Hi Maria! You have found the right place! Everyone here has been so wonderful and kind!You're really going to love it here! So, tell me about your MG...........they call it the "snowflake" disease, since everyone seems to suffer in different ways. How are you feeling? What were your symptoms? How were you finally diagnosed? How old are you? What meds are you on? Do you have a good neuro? I think in my case, the most iporatant thing has been a great support group; something I've found on this site! You are going to love it here! Do you have kids? If you are feeling yucky today, just remember to hang in there - this too shall pass! Have you had IV IG yet? Plasmaphoresis?
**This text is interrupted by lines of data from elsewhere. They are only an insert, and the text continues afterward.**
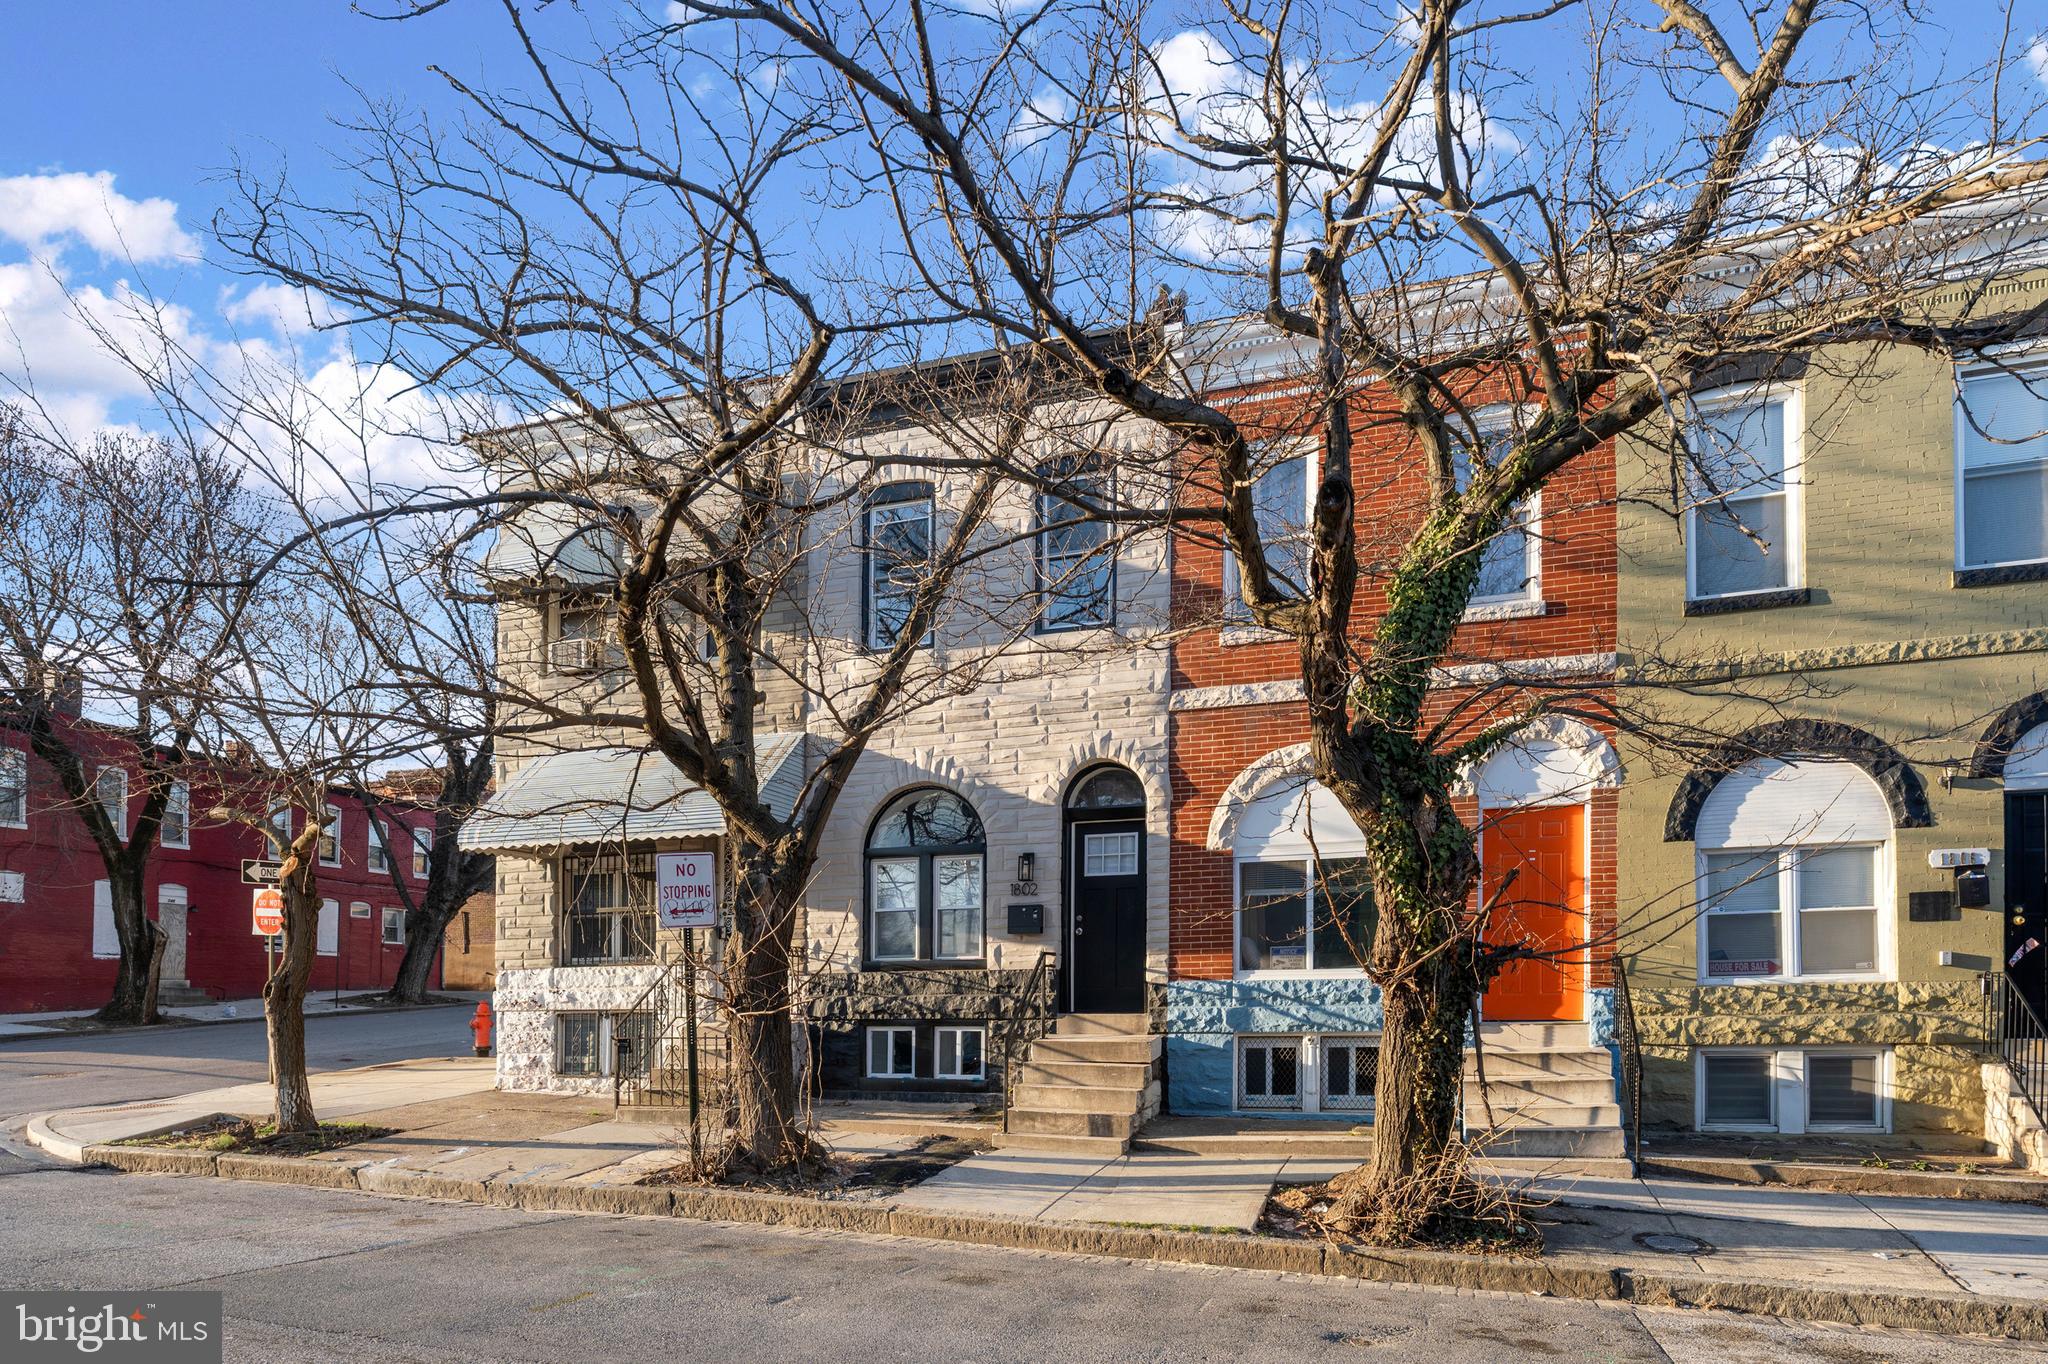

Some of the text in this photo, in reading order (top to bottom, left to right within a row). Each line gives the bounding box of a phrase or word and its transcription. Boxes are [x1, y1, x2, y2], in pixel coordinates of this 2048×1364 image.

[260, 867, 278, 878] ONE
[676, 863, 696, 877] NO
[663, 884, 711, 899] STOPPING
[1011, 882, 1038, 896] 1802
[260, 918, 279, 926] ENTER
[1710, 961, 1769, 972] HOUSE FOR SALE
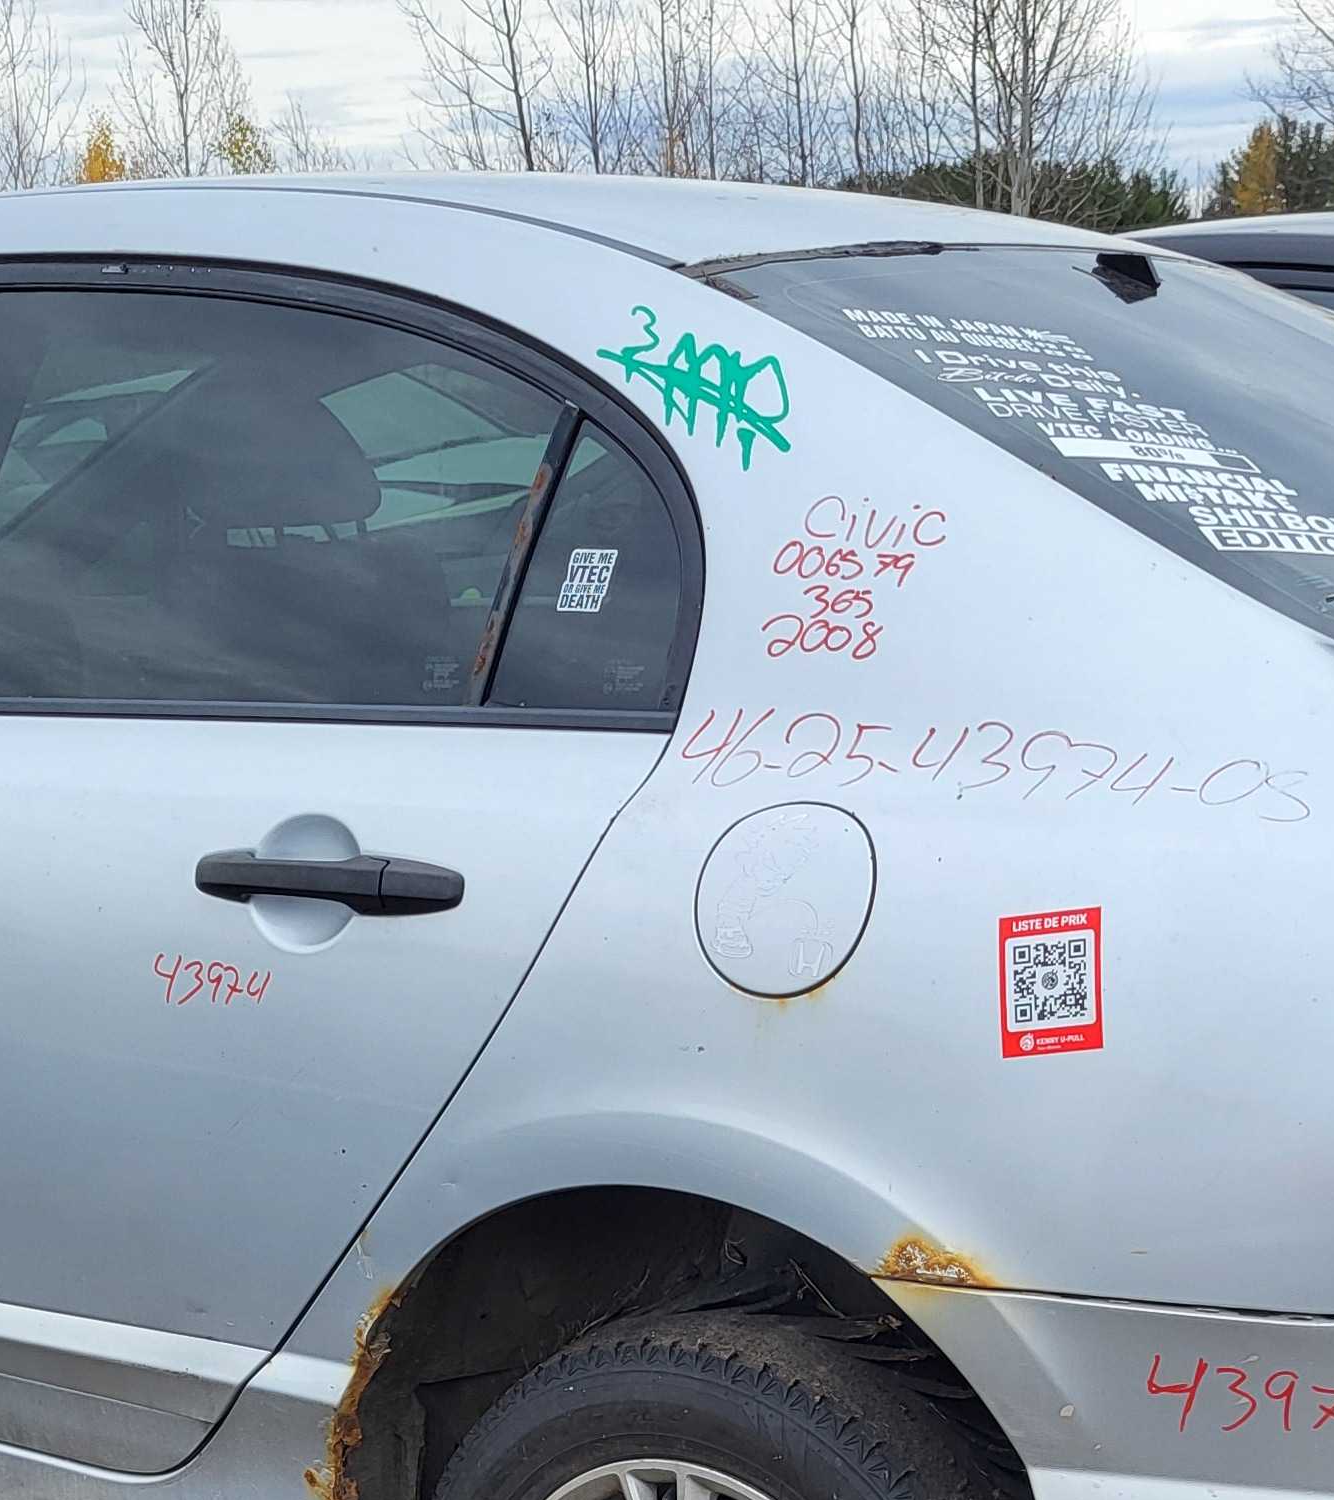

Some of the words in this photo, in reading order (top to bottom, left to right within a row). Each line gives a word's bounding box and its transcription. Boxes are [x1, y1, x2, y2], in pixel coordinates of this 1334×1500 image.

[842, 309, 917, 327] MADE
[914, 313, 946, 329] IN
[949, 318, 1024, 338] JAPAN
[858, 324, 927, 341] BATTU
[929, 329, 961, 344] AU
[960, 333, 1041, 353] QUEBEC
[914, 349, 932, 363] I
[934, 350, 1043, 373] Drive
[1047, 361, 1122, 383] this
[973, 386, 1080, 409] LIVE
[1084, 395, 1189, 422] FAST
[986, 402, 1090, 423] DRIVE
[1087, 409, 1210, 438] FASTER
[1037, 422, 1104, 439] VTEC
[1099, 462, 1299, 497] FINANCIAL
[572, 552, 596, 564] GIVE
[597, 552, 615, 564] ME
[562, 583, 574, 593] OR
[575, 584, 592, 594] GIVE
[592, 584, 606, 594] ME
[569, 565, 610, 584] VTEC
[558, 594, 600, 609] DEATH
[802, 584, 874, 619] 365
[761, 613, 884, 661] 2008
[1012, 917, 1043, 933] LISTE
[1043, 915, 1059, 929] DE
[1060, 912, 1088, 927] PRIX
[154, 952, 272, 1006] 43974
I know I'm asking alot of qustions, but I'm still kind of new to MG and would love to hear all about you!Tak care and try and get some rest! Erin

Hi and welcome!!
Yep its a great place to come and talk.

okay this is the third time today I have started this and never able to finish. So I will try and answer all of your questions. Might have to be in bits though as time is scarce always. I am 42, I was diagnosed in 2000. I had my first real onset of symptoms in 1991 when my son was 5 months old. I had double vision, weakness chewing,smiling, couldn't whistle and most troubling had a hard time holding my son. I had to sit down with him while out a couple of times and rest. I have 3 children my daughter is 22, my 17 year old son and a 4 year old son. In 1991 I was referred to a neurologist (who obviously was not very good) he did an emg on my arms and said I fell into the super athletic range(whatever that means) and said there was nothing wrong with me. Everyone, including me thought it was pyschsomatic and being the days prior to the internet so did I. I thougth I was nuts. I will write more later or tommorow gtg.